In this state of mutual misunderstanding, affairs remained for several months, until Mr. Jay succeeded in convincing Mr. Oswald himself of the validity of

his objections, and of gaining over his colleague, Dr. Franklin, to his views. The French and Spanish ministers, in the mean time, perplexed at the obstinacy of the American commissioner, secretly despatched a confidential messenger to England, with the view, as it was suspected, of obtaining a private audience of Lord Shelburne, before the application for a new commission could be made to him. This business, however, was not conducted in so secret a manner, but that Mr. Jay received intelligence of it, in time to counteract the effect of any overtures that it might be intended to make to the British minister, by explaining to his lordship the reasoning which had served to convince Mr. Oswald, and the mutual advantages which would obviously result from treating separately with the United States, as independent.

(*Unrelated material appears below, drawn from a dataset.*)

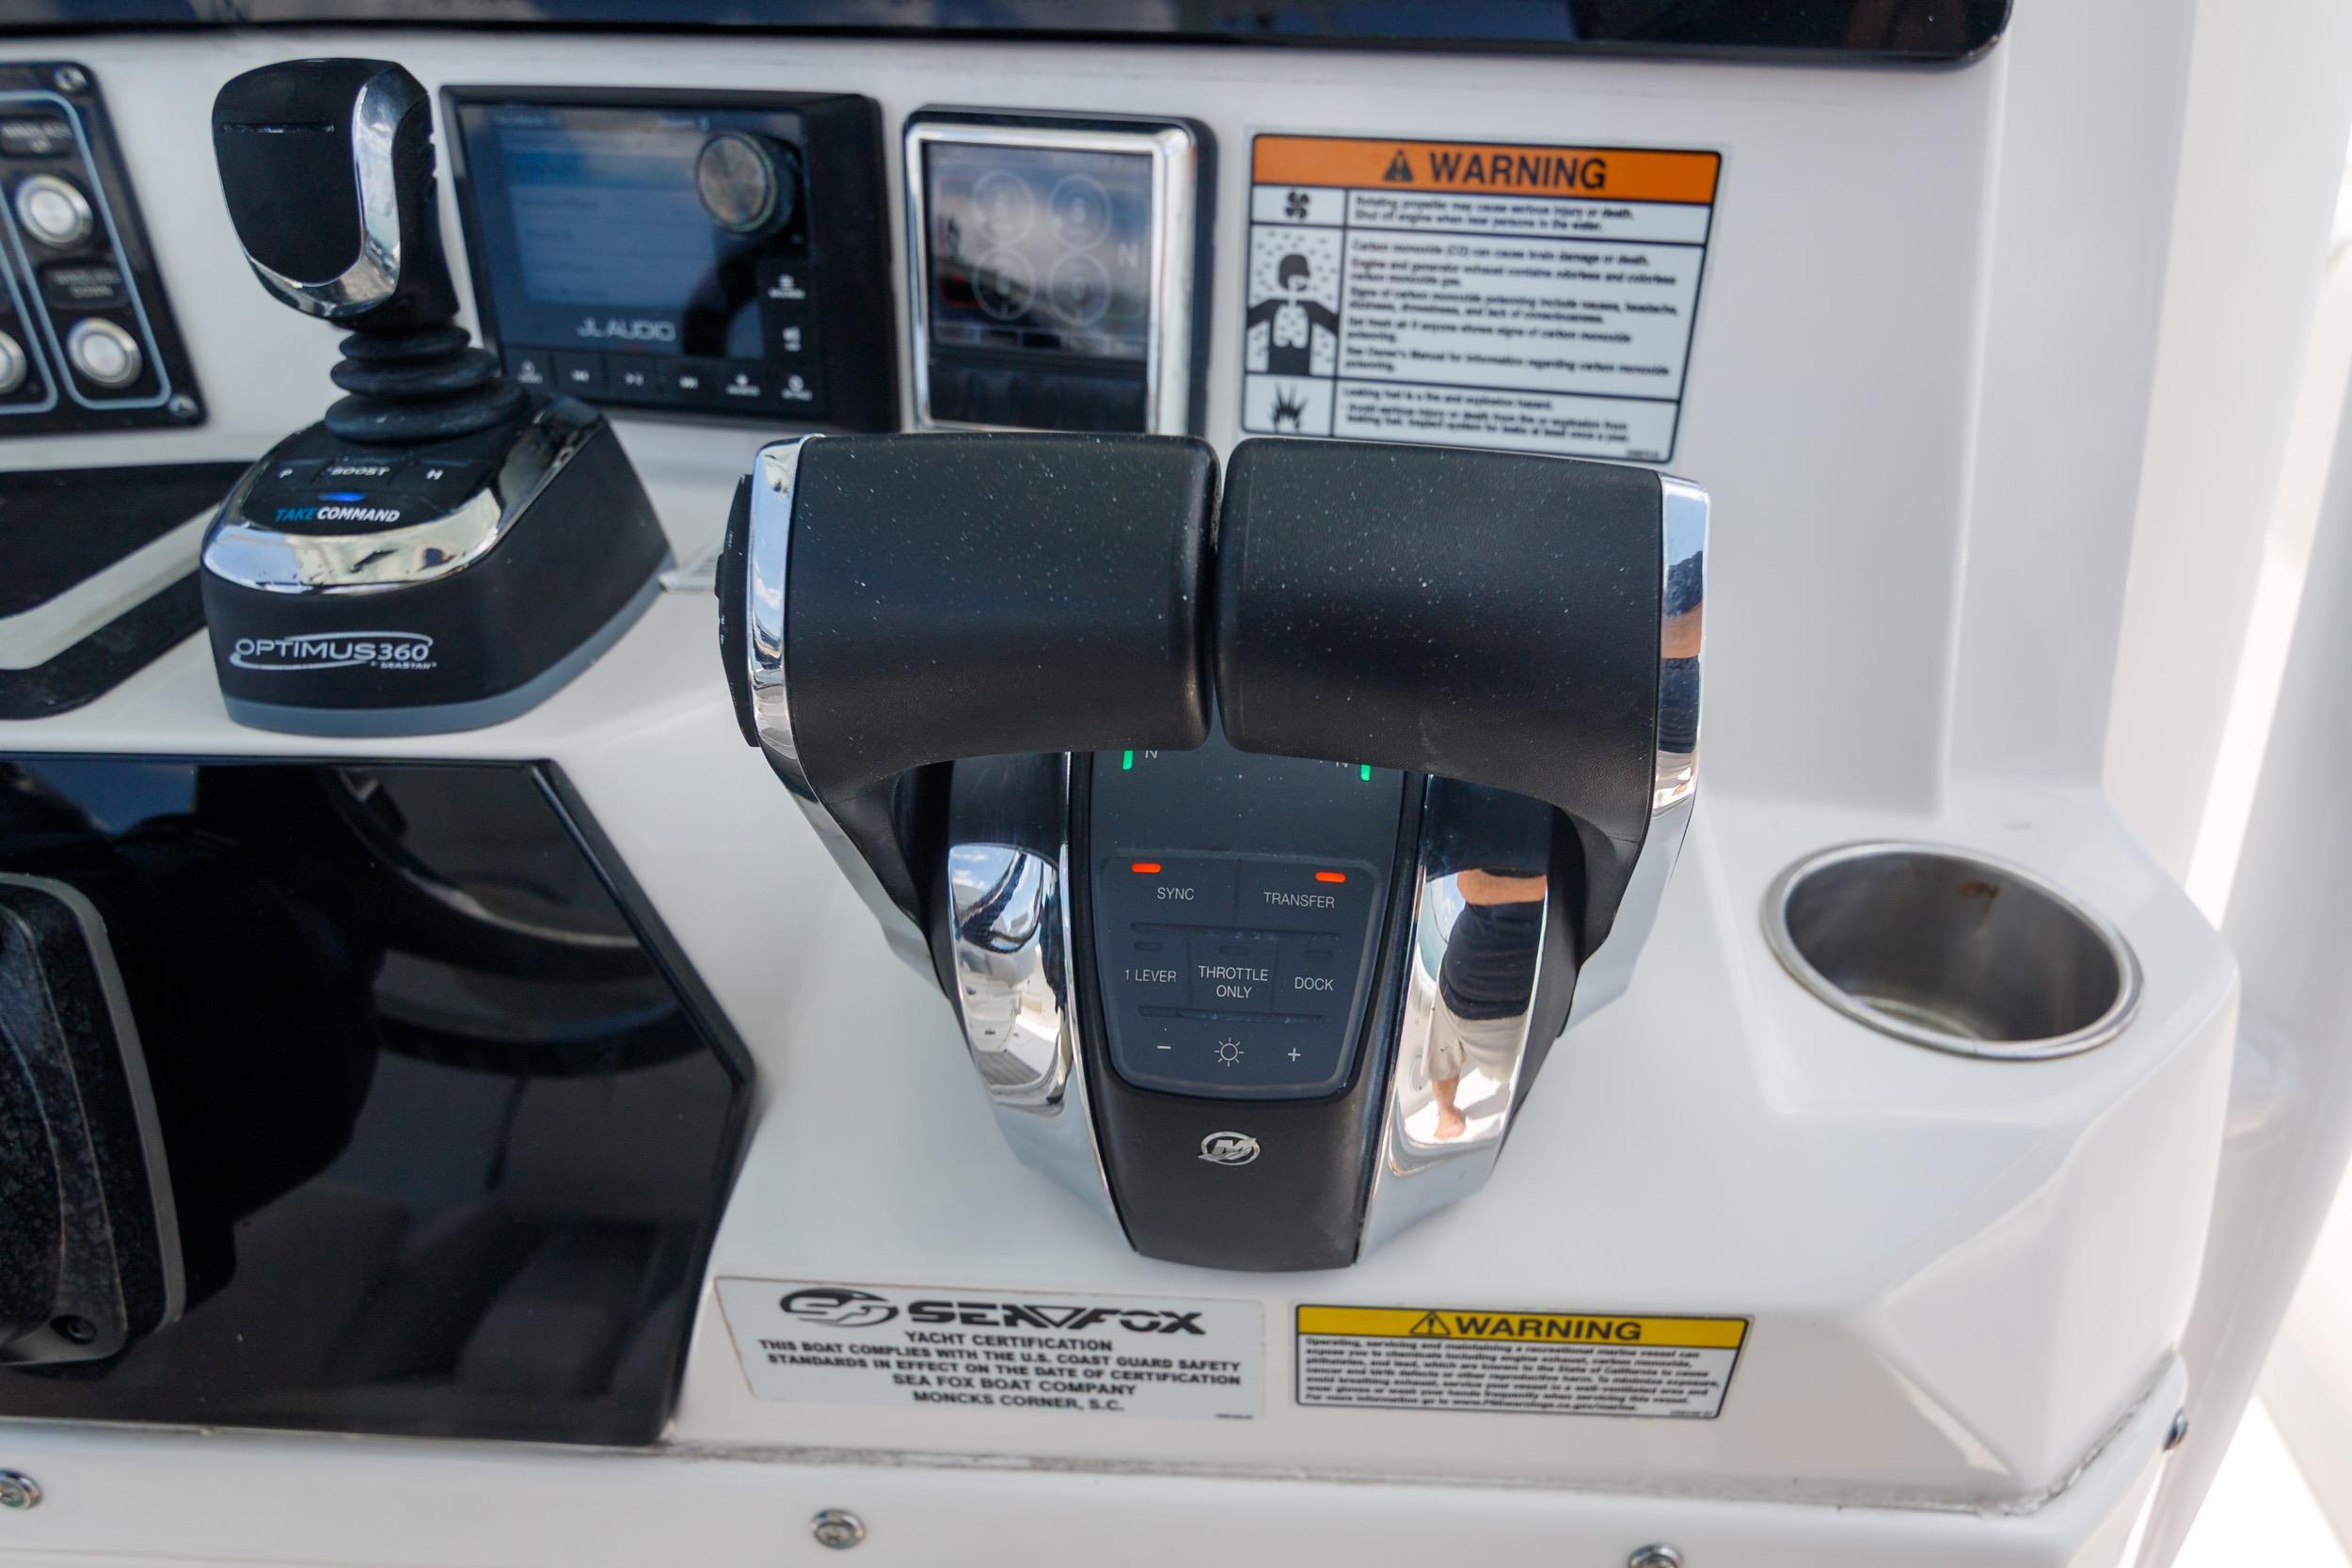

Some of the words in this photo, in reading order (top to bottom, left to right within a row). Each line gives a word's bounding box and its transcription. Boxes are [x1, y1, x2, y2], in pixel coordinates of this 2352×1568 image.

Lord Shelburne, whose system of politicks, as has been seen, had yielded to necessity, and who no longer entertained even a remote hope that any thing could be gained by still refusing to acknowledge the independence of the United States, readily listened to the communications of Mr. Jay, and a new commission was immediately issued, not only empowering Mr. Oswald to make the required acknowledgement, but authorising him to treat separately with the commissioners of the United States. This was the great object at which the American commissioners aimed; as by this, they were enabled to insist upon their right to an equal participation of the fisheries on the banks of Newfoundland, from which they believed it to be no less the wish of France than of England, to exclude them.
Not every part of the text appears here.